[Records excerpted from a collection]
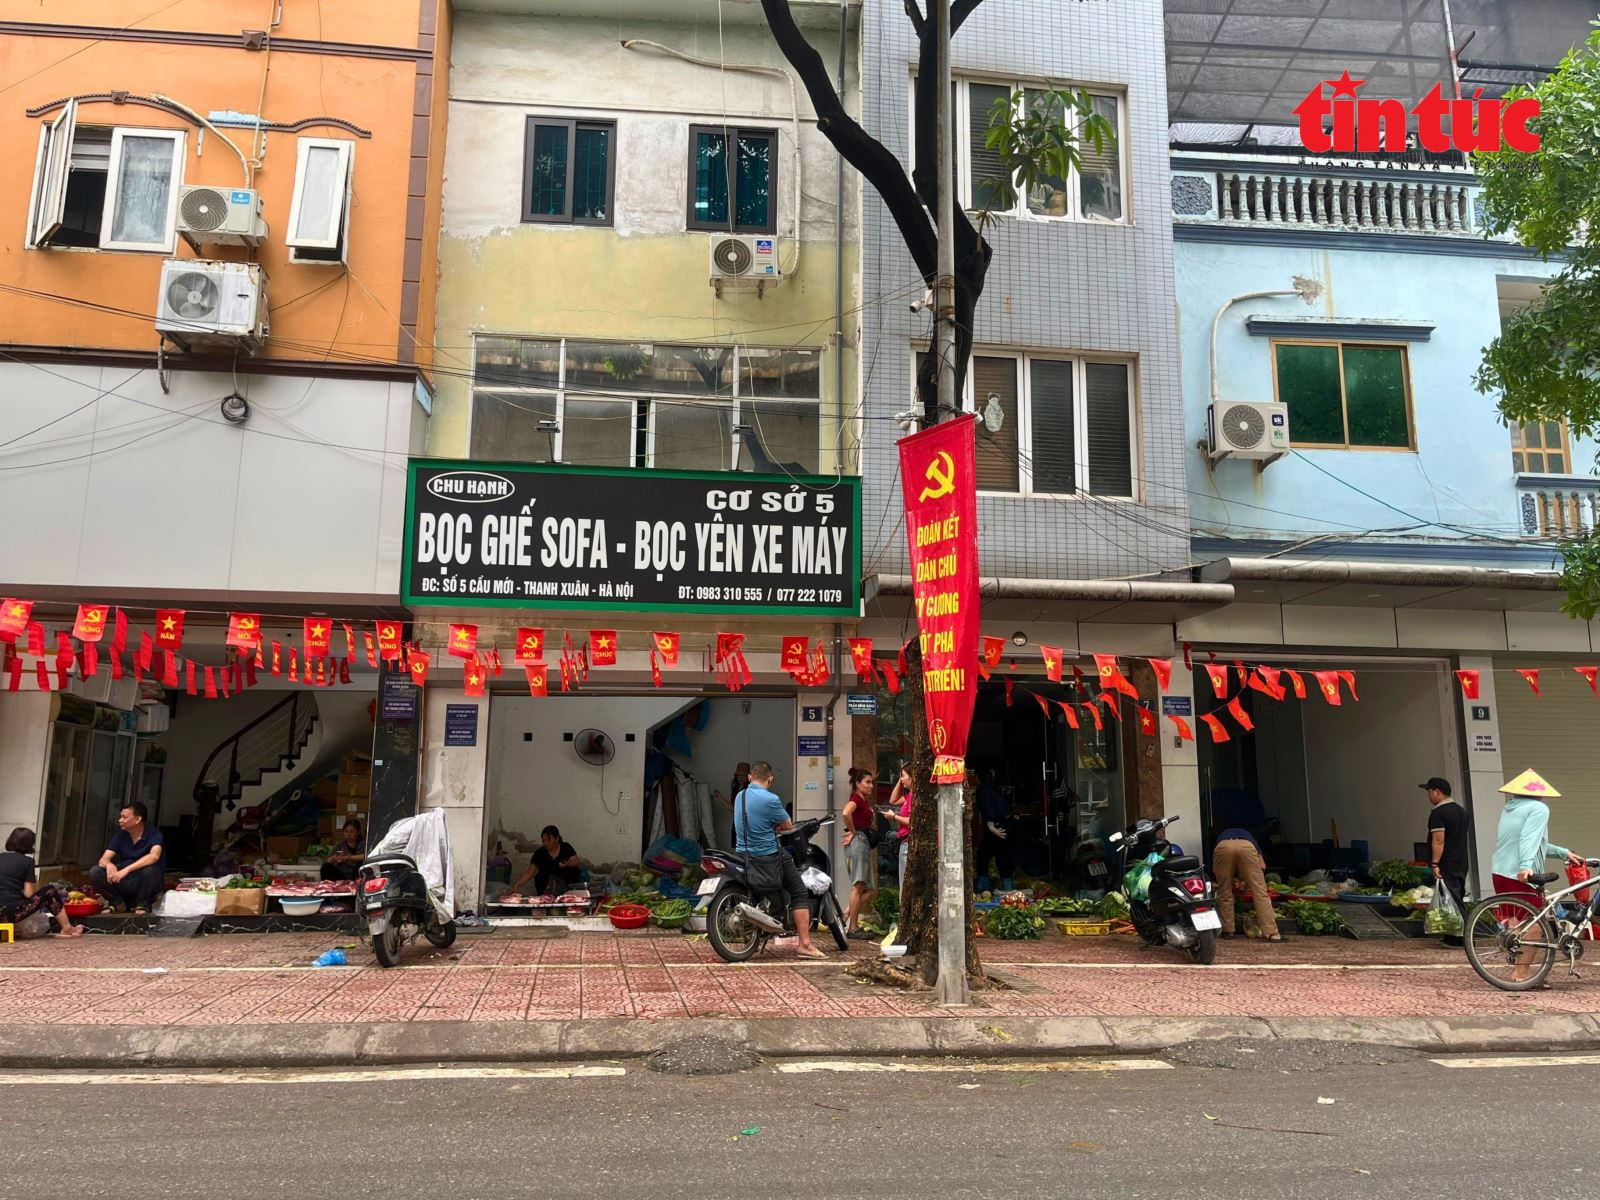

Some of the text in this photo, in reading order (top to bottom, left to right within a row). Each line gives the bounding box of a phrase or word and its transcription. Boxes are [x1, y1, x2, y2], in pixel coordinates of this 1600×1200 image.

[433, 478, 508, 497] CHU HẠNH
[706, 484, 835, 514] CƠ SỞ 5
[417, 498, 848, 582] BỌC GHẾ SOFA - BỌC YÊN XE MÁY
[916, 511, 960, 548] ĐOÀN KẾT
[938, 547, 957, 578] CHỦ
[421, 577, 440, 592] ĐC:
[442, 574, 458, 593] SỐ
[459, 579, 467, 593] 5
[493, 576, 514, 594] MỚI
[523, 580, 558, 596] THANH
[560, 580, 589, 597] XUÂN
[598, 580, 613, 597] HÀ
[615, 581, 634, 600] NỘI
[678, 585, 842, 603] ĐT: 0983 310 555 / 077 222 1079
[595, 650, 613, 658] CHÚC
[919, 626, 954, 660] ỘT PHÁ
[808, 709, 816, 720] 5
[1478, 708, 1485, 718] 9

◆ What is needed ◆
Can the entries above be repeated exactly, without their pictures?

◆ Written solution ◆
Some of the text in this photo, in reading order (top to bottom, left to right within a row). Each line gives the bounding box of a phrase or word and its transcription. Boxes are [x1, y1, x2, y2], in pixel coordinates of this 1600×1200 image.

[433, 478, 508, 497] CHU HẠNH
[706, 484, 835, 514] CƠ SỞ 5
[417, 498, 848, 582] BỌC GHẾ SOFA - BỌC YÊN XE MÁY
[916, 511, 960, 548] ĐOÀN KẾT
[938, 547, 957, 578] CHỦ
[421, 577, 440, 592] ĐC:
[442, 574, 458, 593] SỐ
[459, 579, 467, 593] 5
[493, 576, 514, 594] MỚI
[523, 580, 558, 596] THANH
[560, 580, 589, 597] XUÂN
[598, 580, 613, 597] HÀ
[615, 581, 634, 600] NỘI
[678, 585, 842, 603] ĐT: 0983 310 555 / 077 222 1079
[595, 650, 613, 658] CHÚC
[919, 626, 954, 660] ỘT PHÁ
[808, 709, 816, 720] 5
[1478, 708, 1485, 718] 9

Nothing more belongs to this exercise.